> REQUIREMENT: Make an exact copy of the entries below and leave any picture out of it.

[Images for object localization]
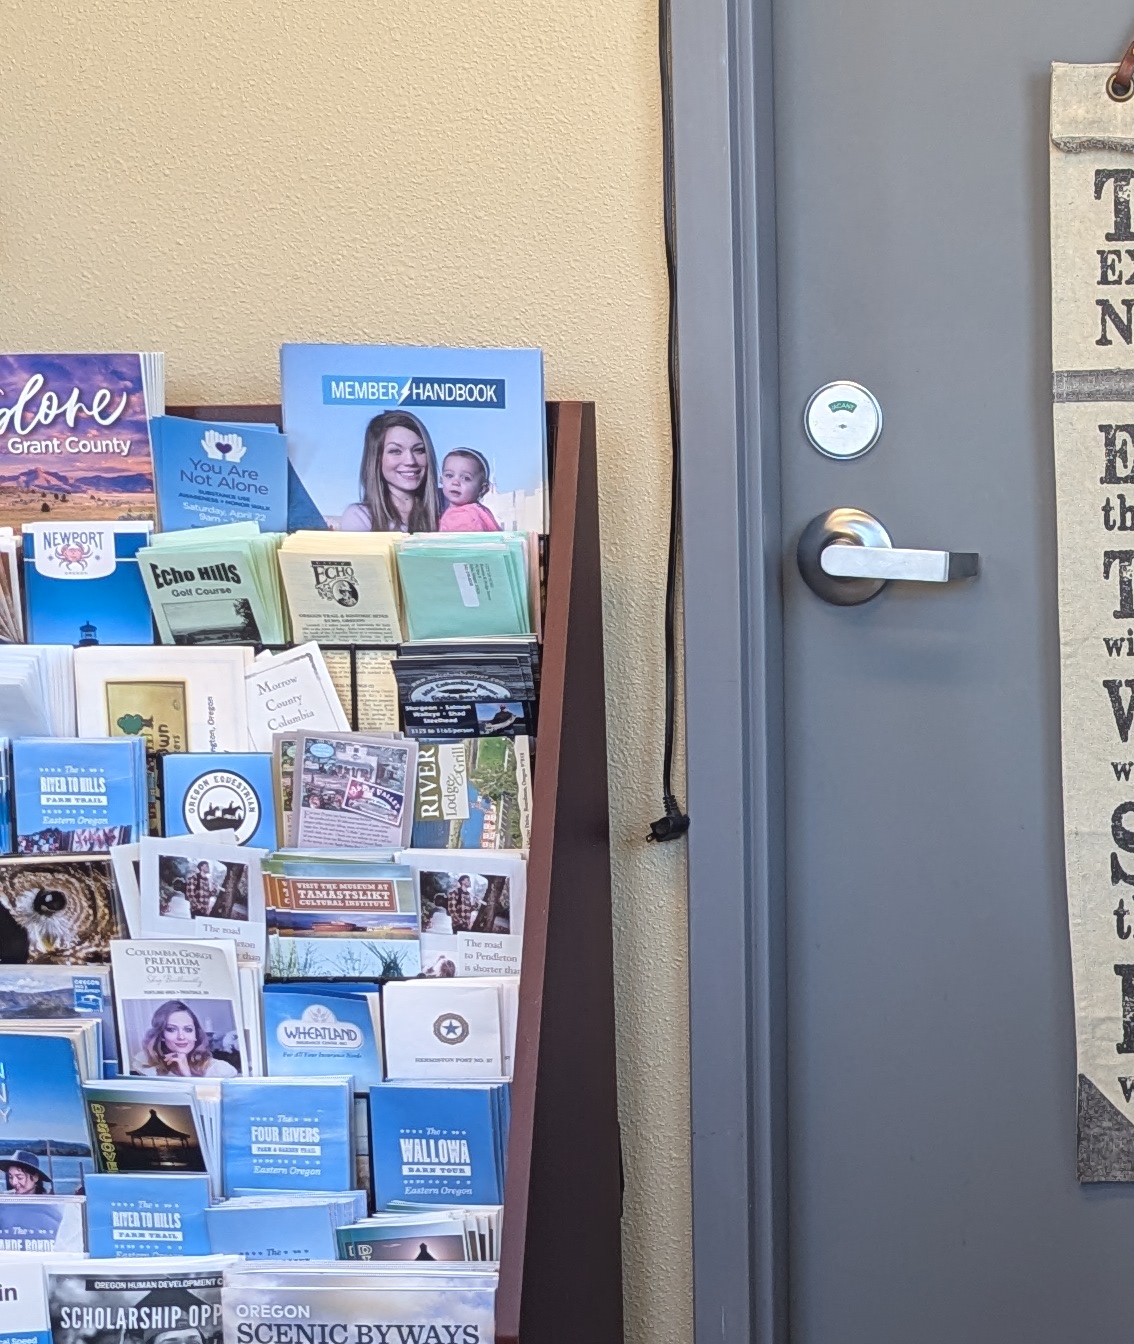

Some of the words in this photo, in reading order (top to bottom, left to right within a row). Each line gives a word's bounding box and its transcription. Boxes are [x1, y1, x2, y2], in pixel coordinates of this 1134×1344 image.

[331, 380, 398, 400] MEMBER
[412, 383, 498, 403] HANDBOOK
[7, 437, 61, 454] Grant
[65, 437, 132, 456] County
[190, 457, 222, 474] You
[228, 464, 258, 480] Are
[180, 470, 212, 486] Not
[217, 476, 268, 495] Alone
[230, 510, 252, 518] April
[254, 514, 266, 522] 22
[43, 532, 104, 550] NEWPORT
[150, 562, 195, 590] Echo
[198, 562, 242, 585] Hills
[311, 566, 354, 586] ECHO
[171, 588, 193, 598] Golf
[195, 586, 232, 596] Course
[256, 676, 298, 696] Morrow
[208, 696, 216, 726] Oregon
[266, 694, 302, 712] County
[267, 709, 314, 730] Columbia
[41, 777, 67, 792] RIVER
[67, 777, 79, 792] TO
[80, 777, 106, 793] HILLS
[418, 747, 440, 818] RIVER
[444, 780, 458, 816] Lodge
[452, 746, 464, 774] Grill
[43, 816, 75, 824] Eastern
[77, 816, 108, 826] Oregon
[203, 924, 220, 933] The
[464, 939, 482, 948] The
[484, 941, 502, 949] road
[125, 948, 177, 957] COLUMBIA
[476, 952, 517, 962] Pendleton
[144, 957, 200, 966] PREMIUM
[473, 963, 502, 973] shorter
[284, 1026, 357, 1041] WHEATLAND
[252, 1126, 279, 1141] FOUR
[282, 1127, 320, 1142] RIVERS
[400, 1138, 470, 1163] WALLOWA
[254, 1166, 287, 1174] Eastern
[290, 1167, 320, 1176] Oregon
[441, 1187, 472, 1196] Oregon
[113, 1211, 140, 1227] RIVER
[141, 1212, 152, 1227] TO
[154, 1213, 181, 1228] HILLS
[267, 1248, 281, 1256] The
[94, 1281, 126, 1289] OREGON
[128, 1281, 157, 1289] HUMAN
[158, 1278, 215, 1288] DEVELOPMENT
[60, 1306, 181, 1329] SCHOLARSHIP
[188, 1304, 222, 1327] OPP
[236, 1305, 310, 1319] OREGON

> WRITTEN SOLUTION:
Some of the words in this photo, in reading order (top to bottom, left to right within a row). Each line gives a word's bounding box and its transcription. Boxes are [x1, y1, x2, y2], in pixel coordinates of this 1134×1344 image.

[331, 380, 398, 400] MEMBER
[412, 383, 498, 403] HANDBOOK
[7, 437, 61, 454] Grant
[65, 437, 132, 456] County
[190, 457, 222, 474] You
[228, 464, 258, 480] Are
[180, 470, 212, 486] Not
[217, 476, 268, 495] Alone
[230, 510, 252, 518] April
[254, 514, 266, 522] 22
[43, 532, 104, 550] NEWPORT
[150, 562, 195, 590] Echo
[198, 562, 242, 585] Hills
[311, 566, 354, 586] ECHO
[171, 588, 193, 598] Golf
[195, 586, 232, 596] Course
[256, 676, 298, 696] Morrow
[208, 696, 216, 726] Oregon
[266, 694, 302, 712] County
[267, 709, 314, 730] Columbia
[41, 777, 67, 792] RIVER
[67, 777, 79, 792] TO
[80, 777, 106, 793] HILLS
[418, 747, 440, 818] RIVER
[444, 780, 458, 816] Lodge
[452, 746, 464, 774] Grill
[43, 816, 75, 824] Eastern
[77, 816, 108, 826] Oregon
[203, 924, 220, 933] The
[464, 939, 482, 948] The
[484, 941, 502, 949] road
[125, 948, 177, 957] COLUMBIA
[476, 952, 517, 962] Pendleton
[144, 957, 200, 966] PREMIUM
[473, 963, 502, 973] shorter
[284, 1026, 357, 1041] WHEATLAND
[252, 1126, 279, 1141] FOUR
[282, 1127, 320, 1142] RIVERS
[400, 1138, 470, 1163] WALLOWA
[254, 1166, 287, 1174] Eastern
[290, 1167, 320, 1176] Oregon
[441, 1187, 472, 1196] Oregon
[113, 1211, 140, 1227] RIVER
[141, 1212, 152, 1227] TO
[154, 1213, 181, 1228] HILLS
[267, 1248, 281, 1256] The
[94, 1281, 126, 1289] OREGON
[128, 1281, 157, 1289] HUMAN
[158, 1278, 215, 1288] DEVELOPMENT
[60, 1306, 181, 1329] SCHOLARSHIP
[188, 1304, 222, 1327] OPP
[236, 1305, 310, 1319] OREGON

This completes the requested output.